10:00 AM		BI1-ThM-6 Electrochemical Programming of Bioactive Surfaces B.C. Bunker, M. Farrow, K.R. Zavadil, W.G. Yelton (Sandia National Laboratories) Self-assembled monolayers containing cyclodextrin have been used as a template for the reversible electrochemical patterning of surfaces. Electrochemical patterning occurs as a result of the oxidation and reduction of functionalized ferrocene in solution. When Fe(II) is present in the ferrocene, this neutral aromatic species is adsorbed by the cyclodextrin surface. When Fe(II) is oxidized to Fe(III), the ferrocene desorbs from the cyclodextrin. The electrochemically switchable surface is of interest in microfluidic systems when the ferrocene is functionalized to interact with specific biological species. We have succeeded in attaching biotin to the ferrocene via an ethylene glycol linkage.
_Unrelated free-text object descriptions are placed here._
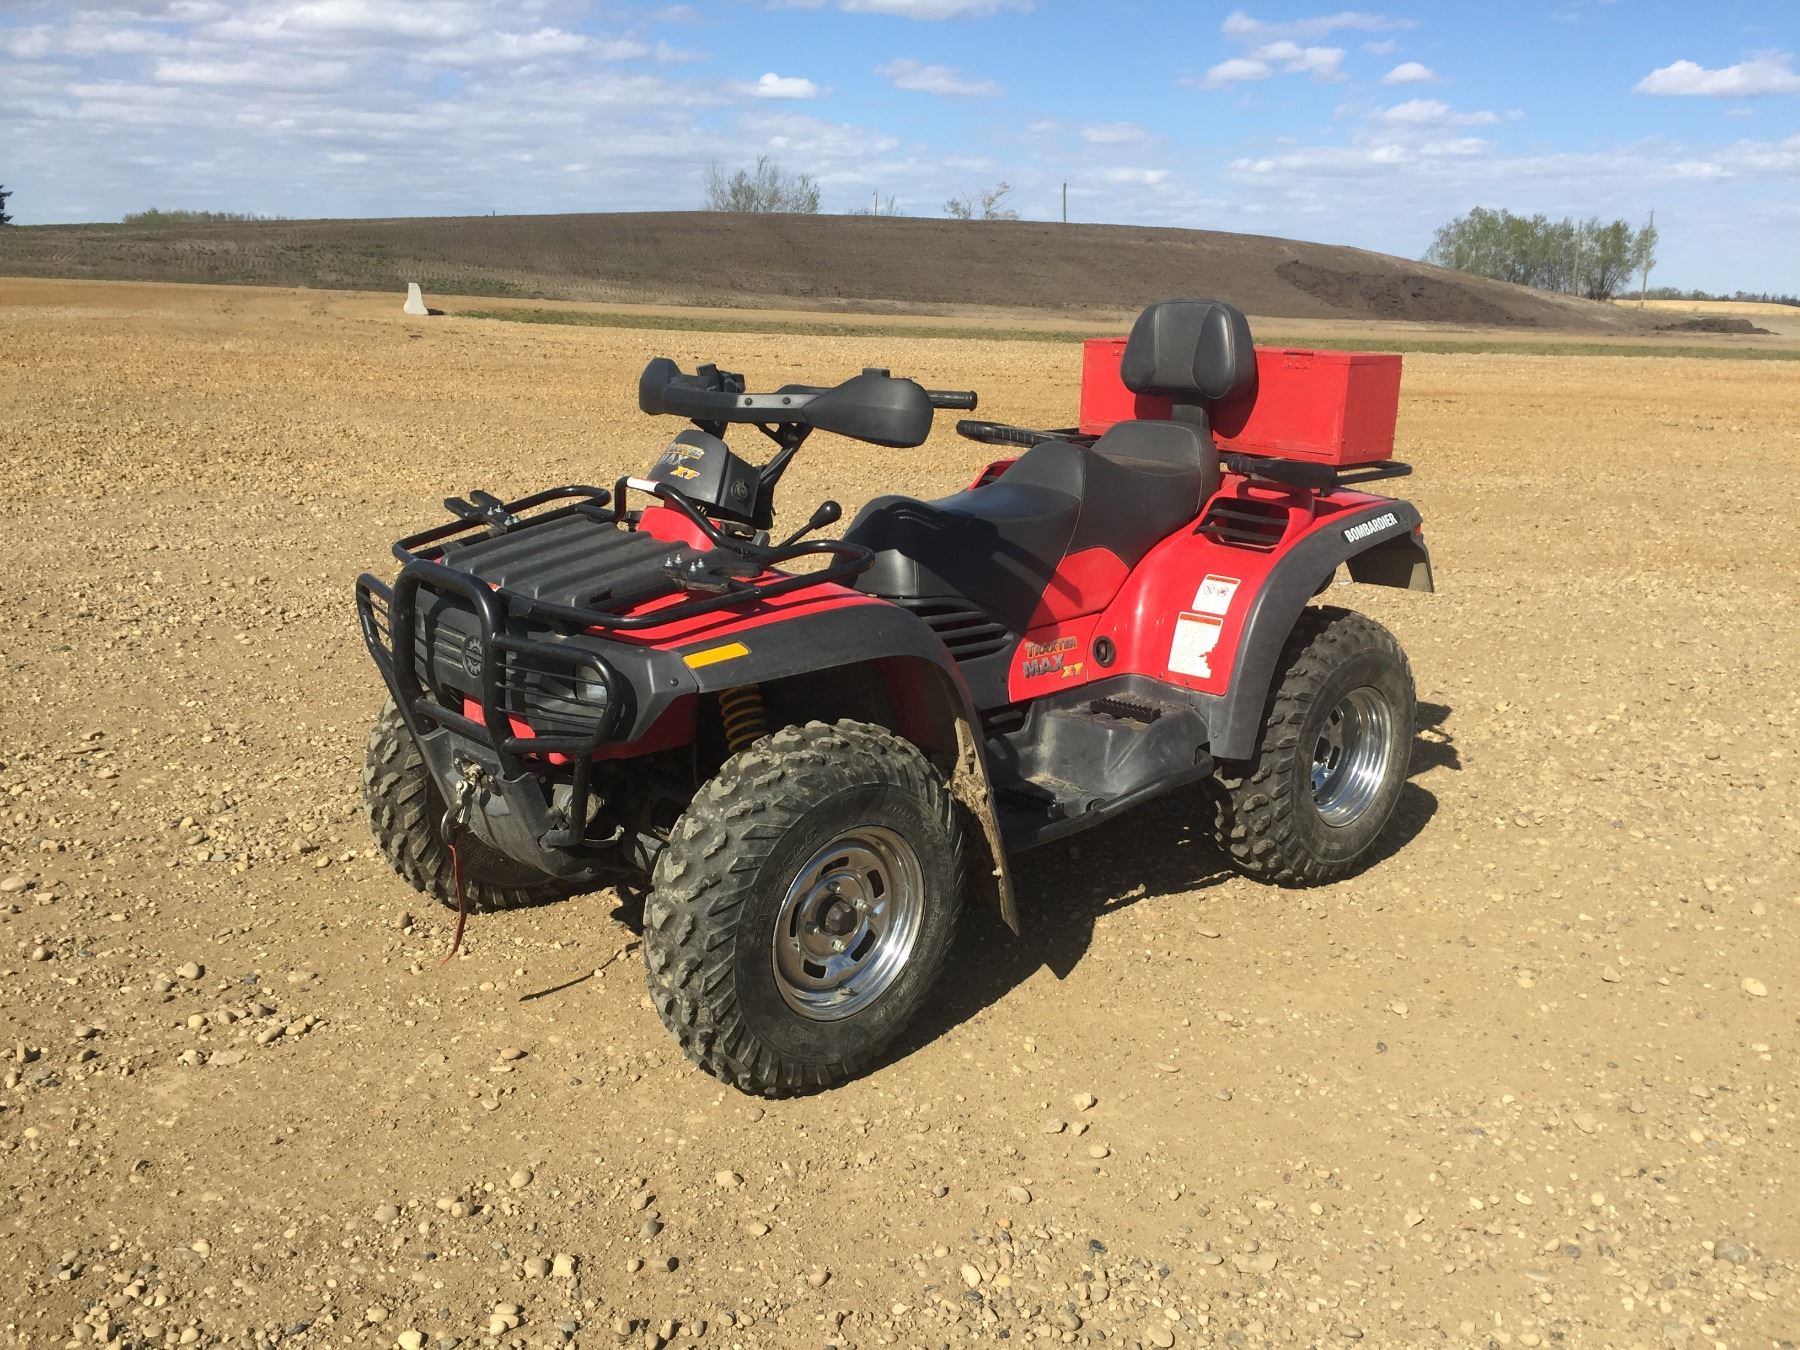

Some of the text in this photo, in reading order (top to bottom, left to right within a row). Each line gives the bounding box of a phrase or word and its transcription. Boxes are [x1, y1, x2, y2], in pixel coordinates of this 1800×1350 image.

[1344, 512, 1398, 543] BOMBARDIER
[1023, 654, 1083, 678] MAX XT
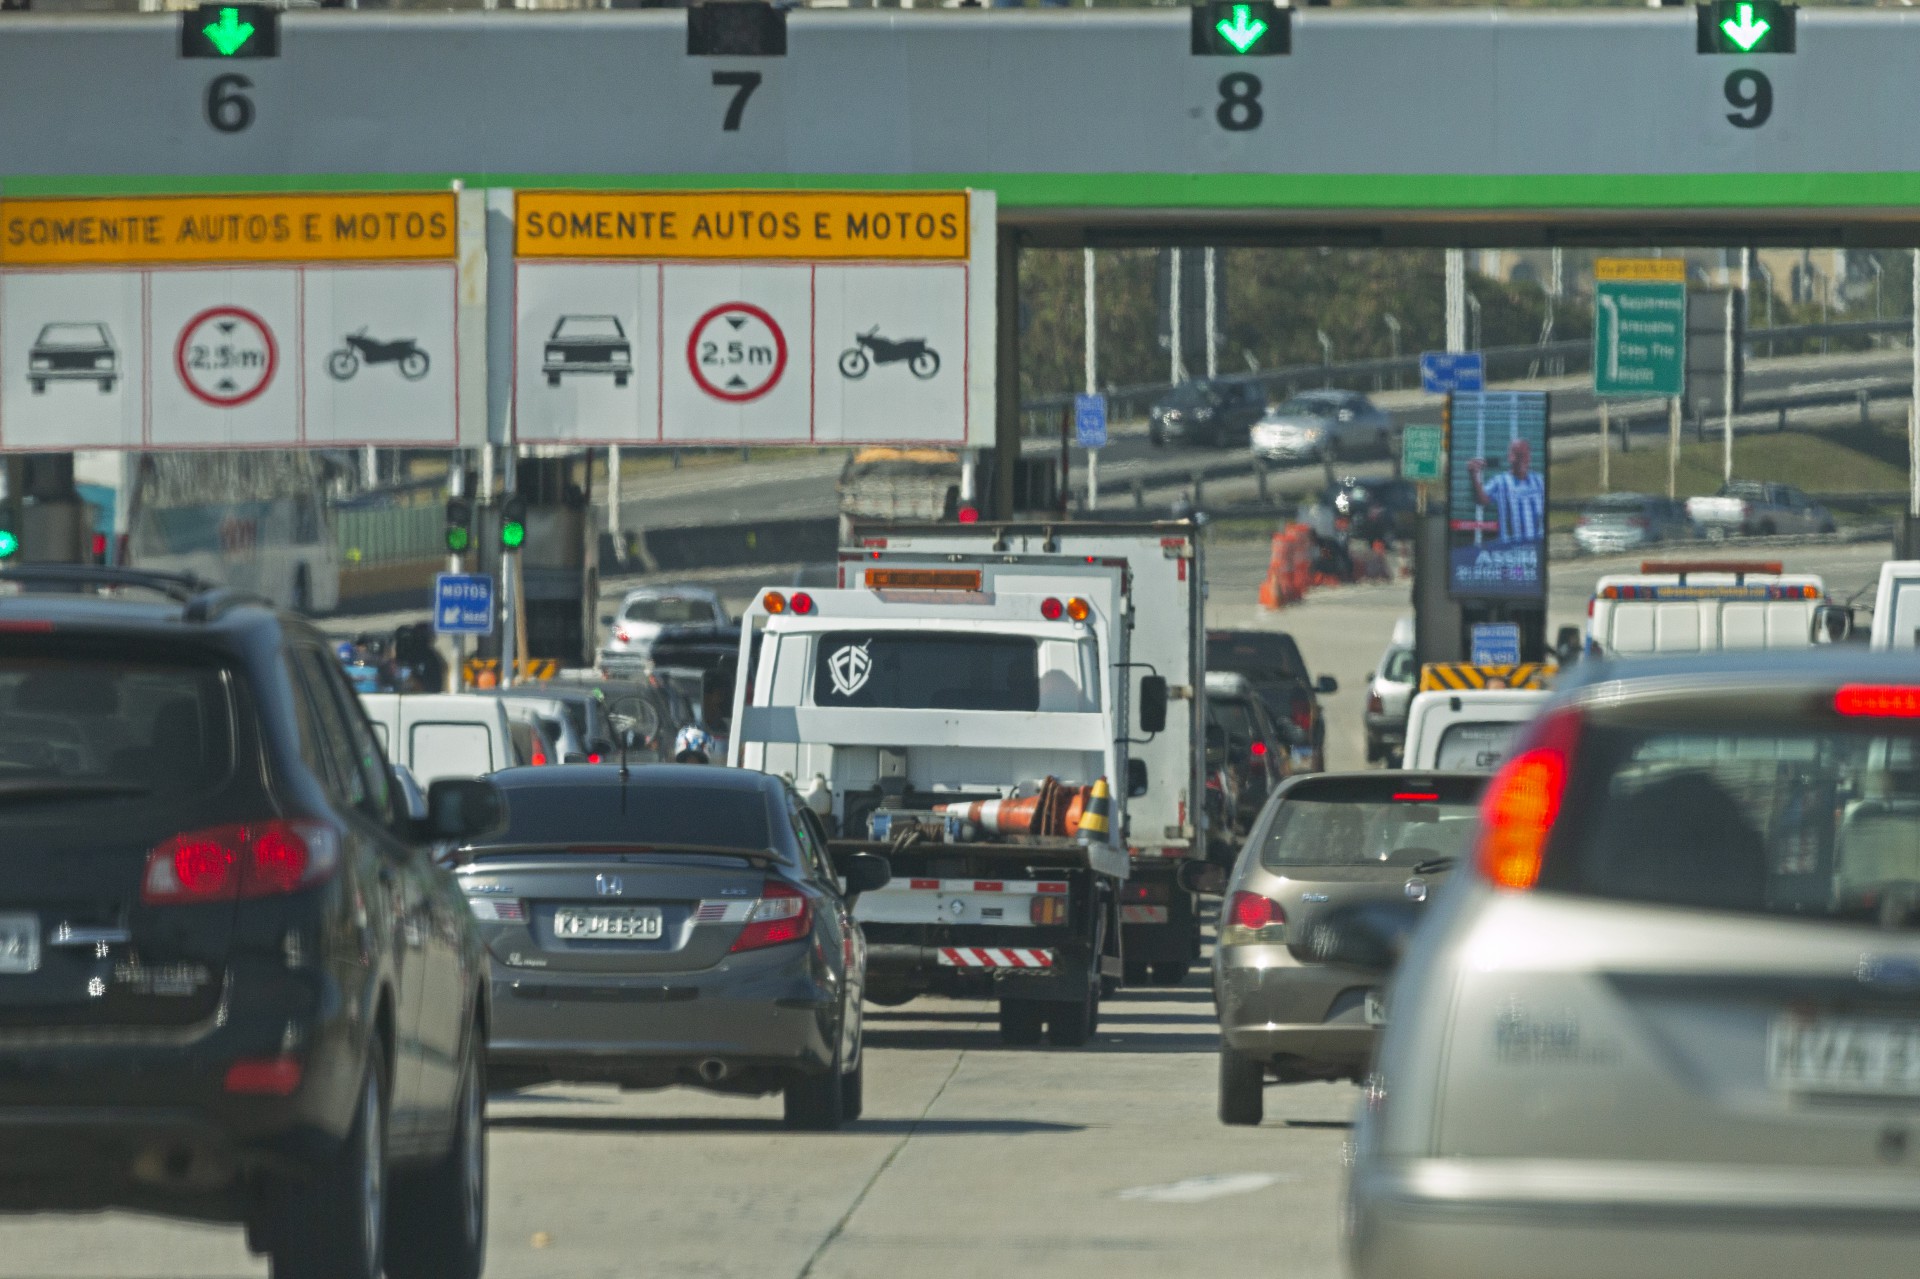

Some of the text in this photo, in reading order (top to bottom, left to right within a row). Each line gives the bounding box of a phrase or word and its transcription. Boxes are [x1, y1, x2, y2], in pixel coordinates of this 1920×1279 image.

[205, 74, 256, 133] 6
[711, 71, 762, 131] 7
[1215, 71, 1264, 131] 8
[1723, 68, 1773, 129] 9
[8, 212, 447, 246] SOMENTE AUTOS E MOTOS
[526, 212, 958, 239] SOMENTE AUTOS E MOTOS
[442, 583, 488, 598] MOTOS
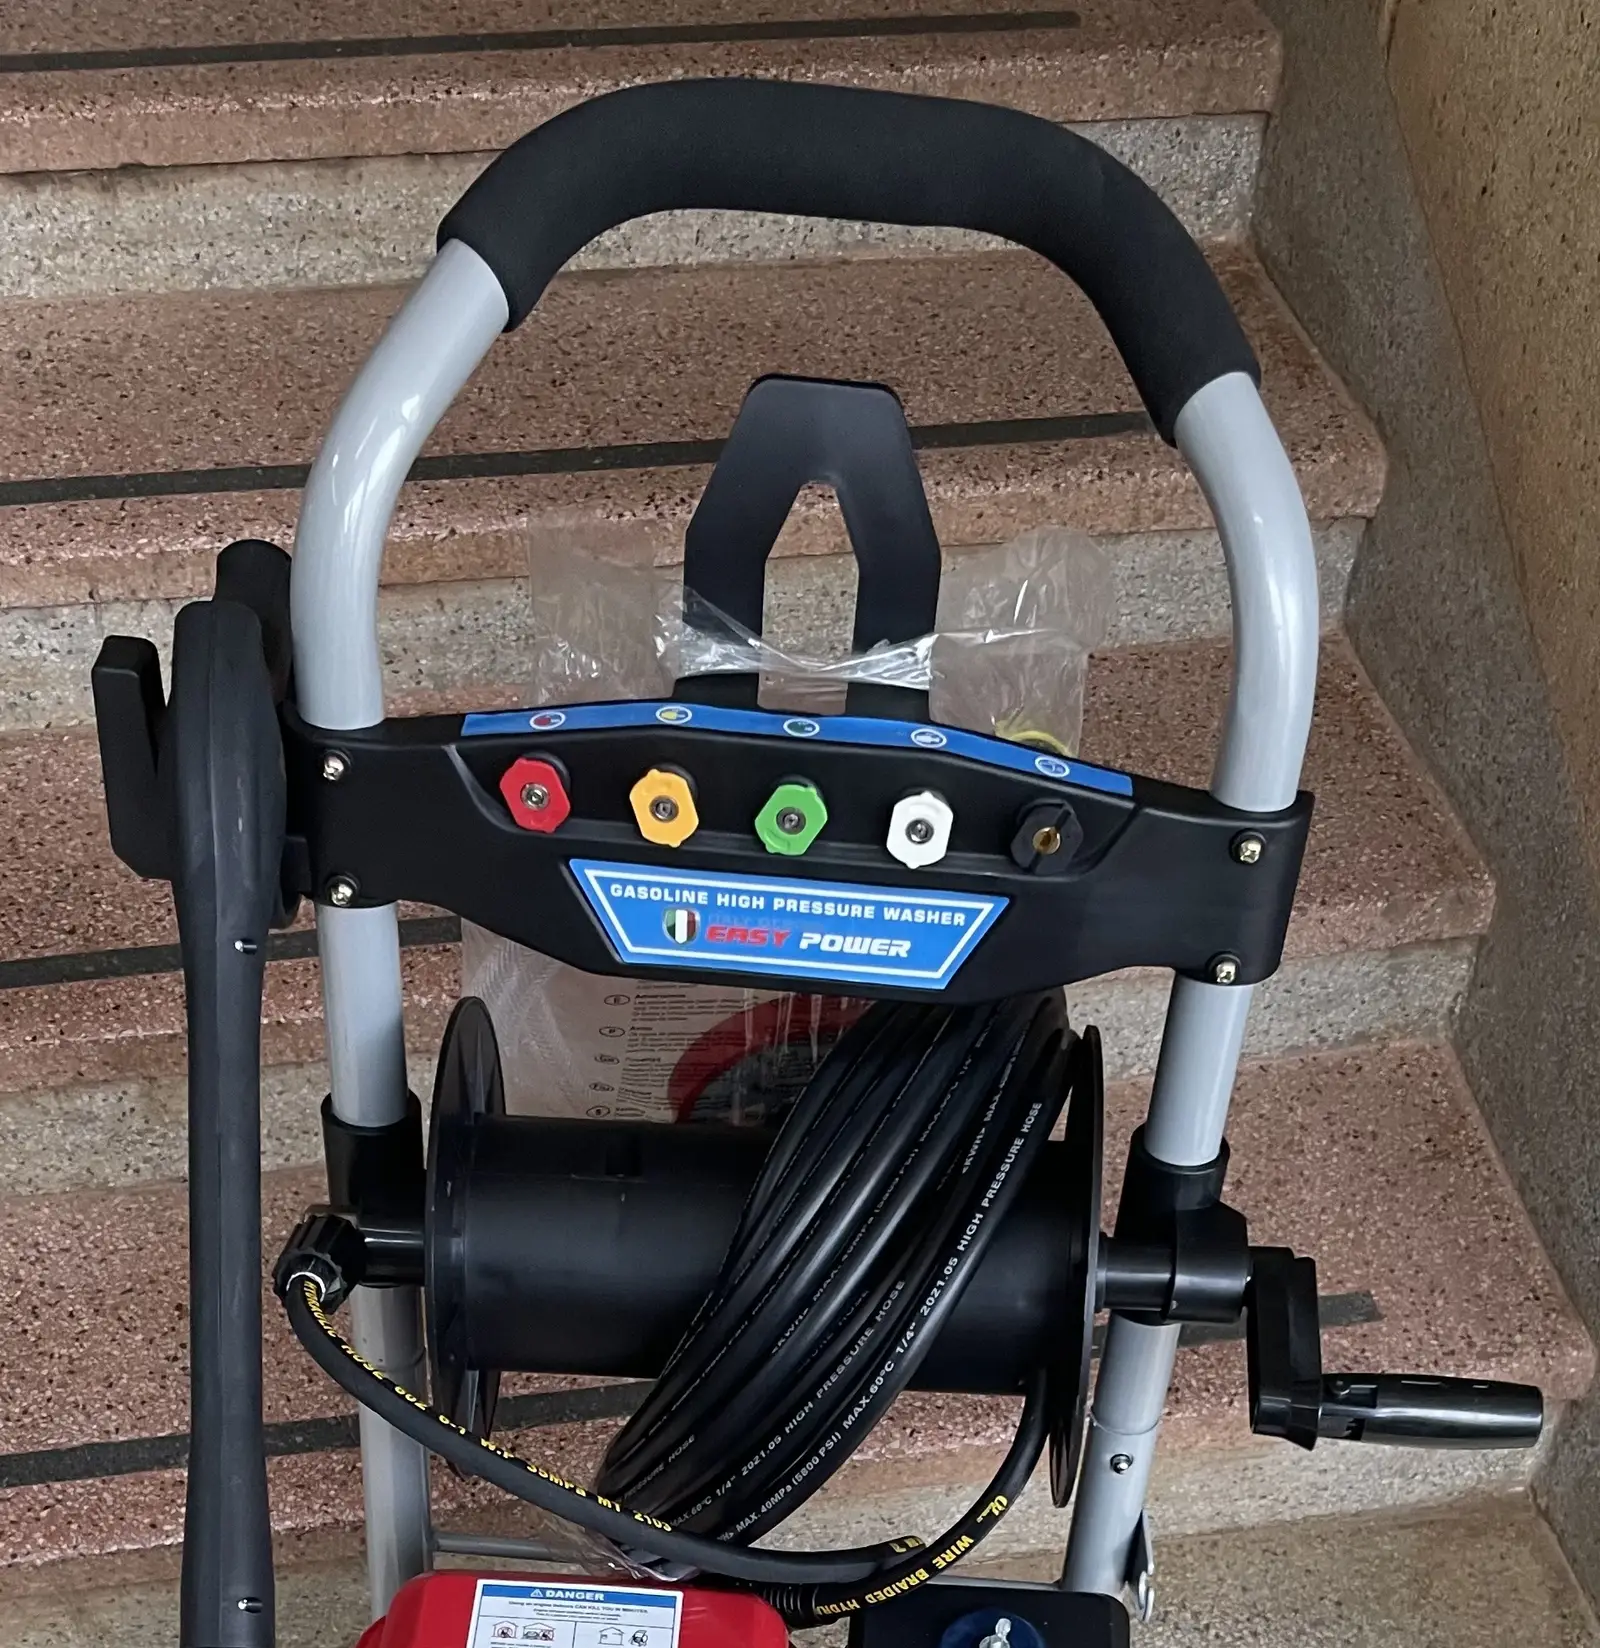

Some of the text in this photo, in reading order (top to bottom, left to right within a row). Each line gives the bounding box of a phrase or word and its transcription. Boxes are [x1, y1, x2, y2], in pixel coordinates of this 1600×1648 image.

[610, 883, 966, 926] GASOLINE HIGH PRESSURE WASHER
[704, 924, 912, 958] EASY POWER
[920, 1257, 958, 1316] 2021.05
[957, 1213, 984, 1251] HIGH
[981, 1137, 1025, 1207] PRESSURE
[1020, 1102, 1042, 1133] HOSE
[785, 1401, 814, 1434] HIGH
[816, 1327, 875, 1399] PRESSURE
[875, 1280, 906, 1323] HOSE
[931, 1534, 975, 1570] WIRE
[545, 1590, 605, 1601] DANGER
[865, 1568, 930, 1605] BRAIDED
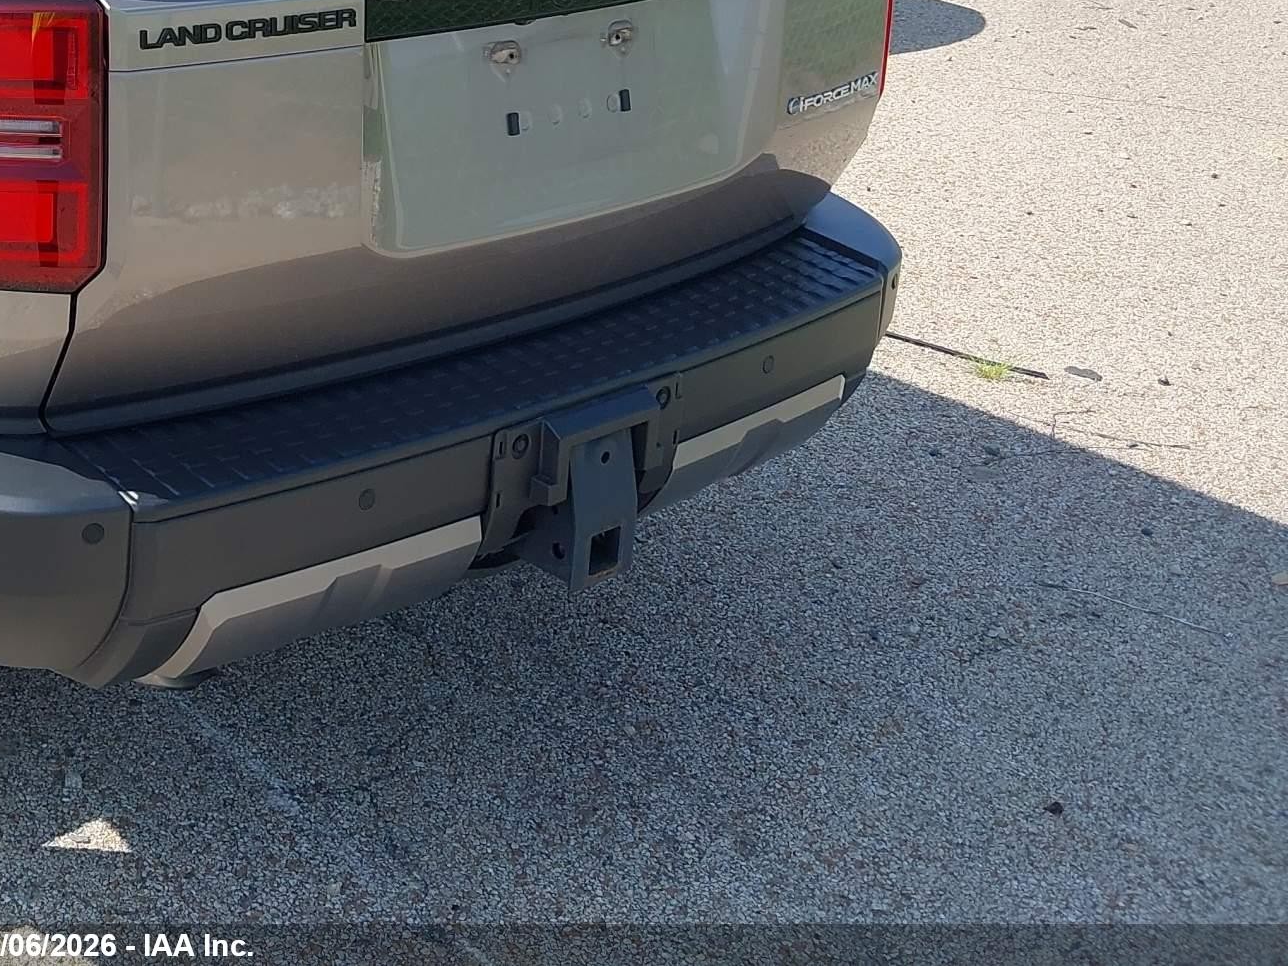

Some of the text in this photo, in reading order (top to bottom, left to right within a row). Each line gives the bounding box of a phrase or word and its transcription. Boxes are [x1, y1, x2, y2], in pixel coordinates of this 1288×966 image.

[139, 8, 357, 50] LAND CRUISER
[850, 71, 879, 94] MAX
The biotinylated ferrocene can be made to adsorb and desorb from cyclodextrin deposited on gold electrodes. We have demonstrated that the biotin on the ferrocene is active toward the adsorption of streptavidin. With programmable streptavidin surfaces, we can create patterns with a wide range of biological species (i.e. any species that can be biotinylated). The synthesis, characterization, and electrochemical switching of the films are described, involving techniques such as cyclic voltammetry, electrochemical stripping, secondary ion mass spectroscopy, ellipsometry, and the quartz crystal microbalance. Use of the switchable films for creating programmable patterns of antibodies in sensors is described.